Vale decirlo con el mismo instrumento de análisis que utilizamos para ello Rajoyporque el caso es prácticamente un espejo. En julio de 2026, tras la victoria de Francia sobre Paraguay en el Mundial, el vicegobernador de Mendoza, Hebe Casadoescrito en X: «Muy bien, Paraguay. El equipo africano, flojo de modales. No hay aguanto para Mbappé«. La frase no fue un exabrupto aislado: cuando arreció la crítica, Casado no retrocedió, sino que redobló el marco, alegando que Argentina fue de los primeros países en bolir la esclavitud y que esocultió de ras culturas, inkolo sosteniendo que quienes se ofenden son, en realidad, quienes consideran inferior el origen africano. Ahí está, otra vez, la operación que explica Bonilla-Silva: no se necesita declarar la inferioridad de nadie, alcanza con invertir la acusación para que el marco racial —»africano» como adjetivo que resta, no que explicao— siga intacto. La reacción de la embajada francesa, que declaró Casado persona inválida por expresiones de carácter racista, funcionó como la diferencia de que Mendoza rara vez produce puertas adentro: fue una mirada externa la que nombró lo que el discurso localentrenado en la invisibilidad que explica en la puertaprefería seguir llamando «folclore futbolero». El episodio confirma la tesis de fondo: el racismo contemporáneo no necesita gritar su premisa, solo necesita un vocero convencida de que decirla en voz alta —y no corregirla después— es apenas sarcasmo que «las personas inteligentes».

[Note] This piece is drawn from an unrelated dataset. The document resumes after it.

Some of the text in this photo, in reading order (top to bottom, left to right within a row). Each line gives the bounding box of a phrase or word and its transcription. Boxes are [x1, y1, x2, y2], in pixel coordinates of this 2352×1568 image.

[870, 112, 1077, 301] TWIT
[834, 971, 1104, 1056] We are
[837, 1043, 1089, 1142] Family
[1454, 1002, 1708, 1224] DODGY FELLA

Por eso, cuando aquí se remarca el origen racial de un jugador, nadie lo percibe como agresión. Se lo vive como observación neutralcasi como un dato de color—literalmente—. Pero Frantz Fanón ya había señalado que el racismo no necesita declararse para producir sus efectos: alcanza con definir al otro desde afuera, con negarle, aunque sea en el margen del lenguaje, la condición de hombre pleno. La operación es discreta pero constante: se marca la diferencia, se tensiona la pertenencia, se instala la duda. Nadie gritó nada. El daño, sin embargo, quedó hecho.

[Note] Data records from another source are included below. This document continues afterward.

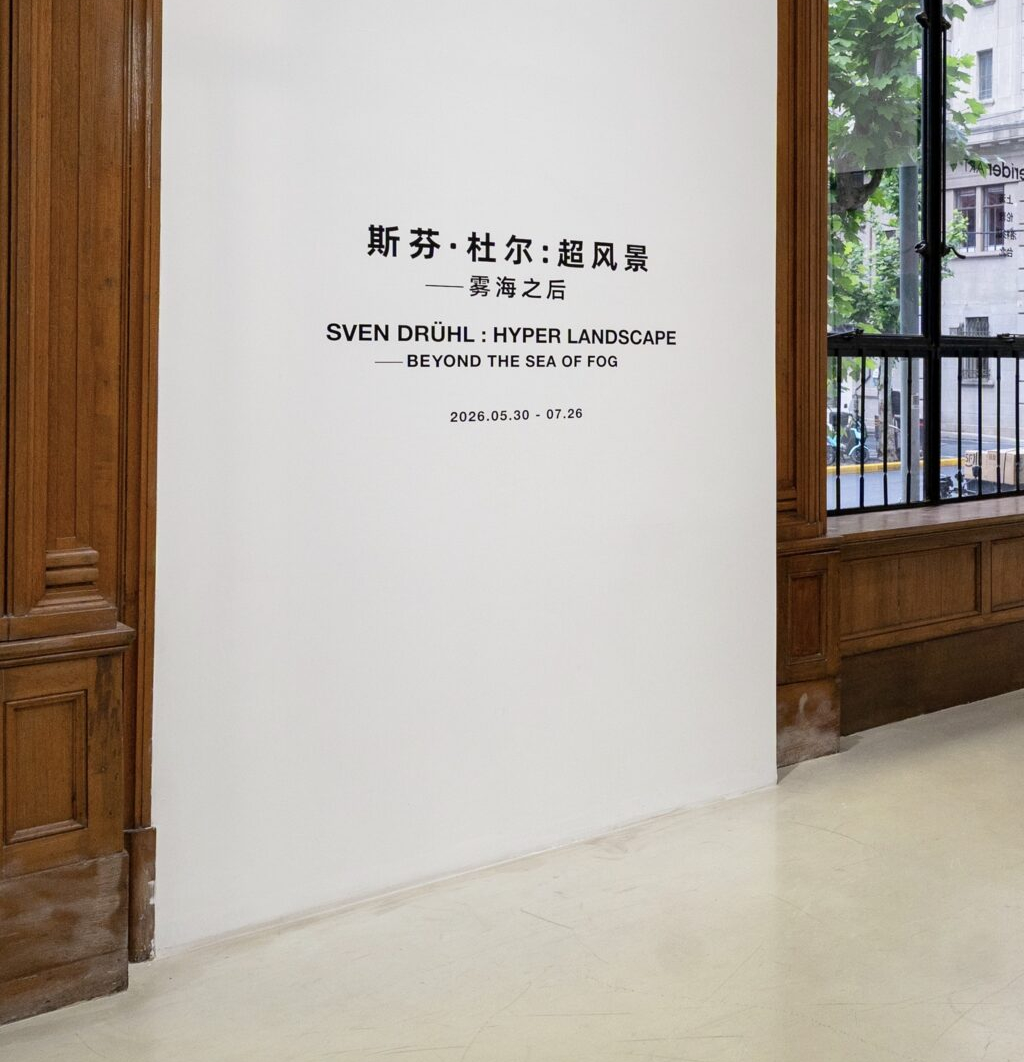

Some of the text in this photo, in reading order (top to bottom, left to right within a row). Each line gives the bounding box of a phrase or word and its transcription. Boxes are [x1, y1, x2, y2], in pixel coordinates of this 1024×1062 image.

[326, 322, 389, 342] SVEN
[397, 321, 475, 343] DRÜHL
[493, 326, 561, 344] HYPER
[567, 328, 677, 346] LANDSCAPE
[487, 354, 520, 368] THE
[525, 354, 557, 368] SEA
[561, 354, 582, 368] OF
[587, 354, 618, 368] FOG
[450, 409, 530, 423] 2026.05.30
[546, 408, 583, 421] 07.26
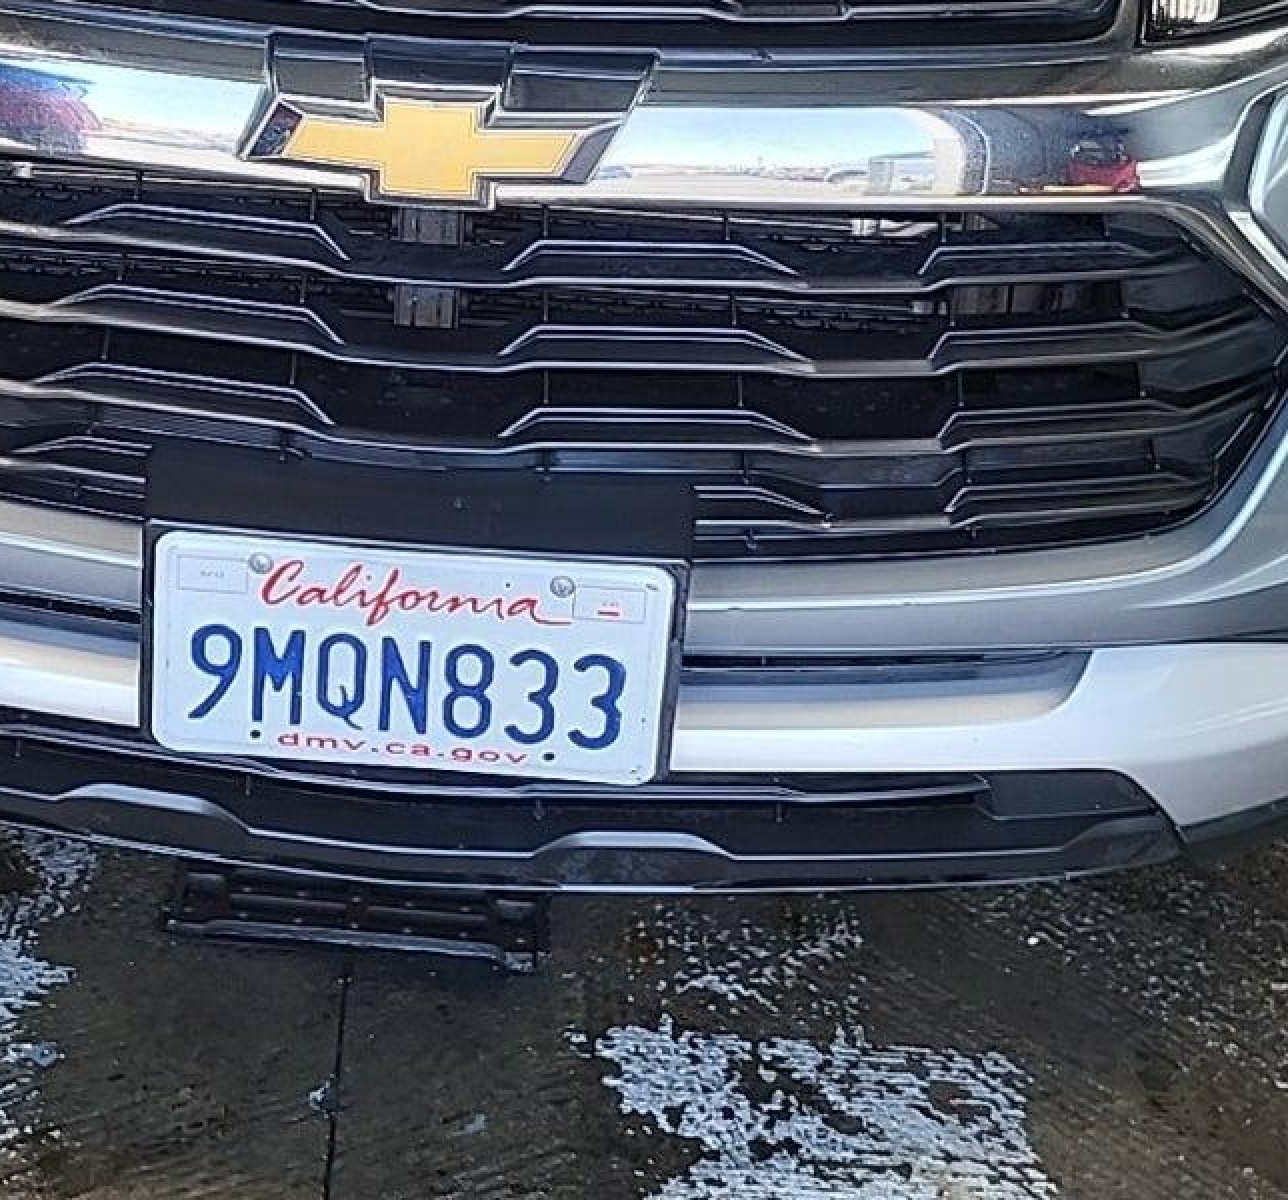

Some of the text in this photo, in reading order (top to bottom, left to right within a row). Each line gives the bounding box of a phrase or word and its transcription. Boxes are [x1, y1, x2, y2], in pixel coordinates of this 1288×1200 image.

De Berlín a Mendoza: la misma estructura, otro vocabulario

Conócelo bien inferioridad biológica. Se habla de «el origen«, hasta»combinación«, hasta»eres consciente de las costumbres«. El vocabulario cambió; la arquitectura, no. El otro sigue siendo, en algún nivel del discurso, un auxiliar.

Bonilla-Silva lo resumió con una frase que debería incomodarnos: el mayor obstáculo para enfrentar el racismo contemporáneo es su propia negación. Mendoza, en ese sentido, no es una excepción ni una rareza local. Es el caso paradigmático de una fórmula que funciona en cualquier latitud donde el racismo aprendió a hablar bajito.

El problema, entonces, no es el racismo que grita. Es el que susurra tan bien que ya nadie lo reconoce como tal. Y ante esto, siempre se debe seguir levantando el puño y la voz en repudio.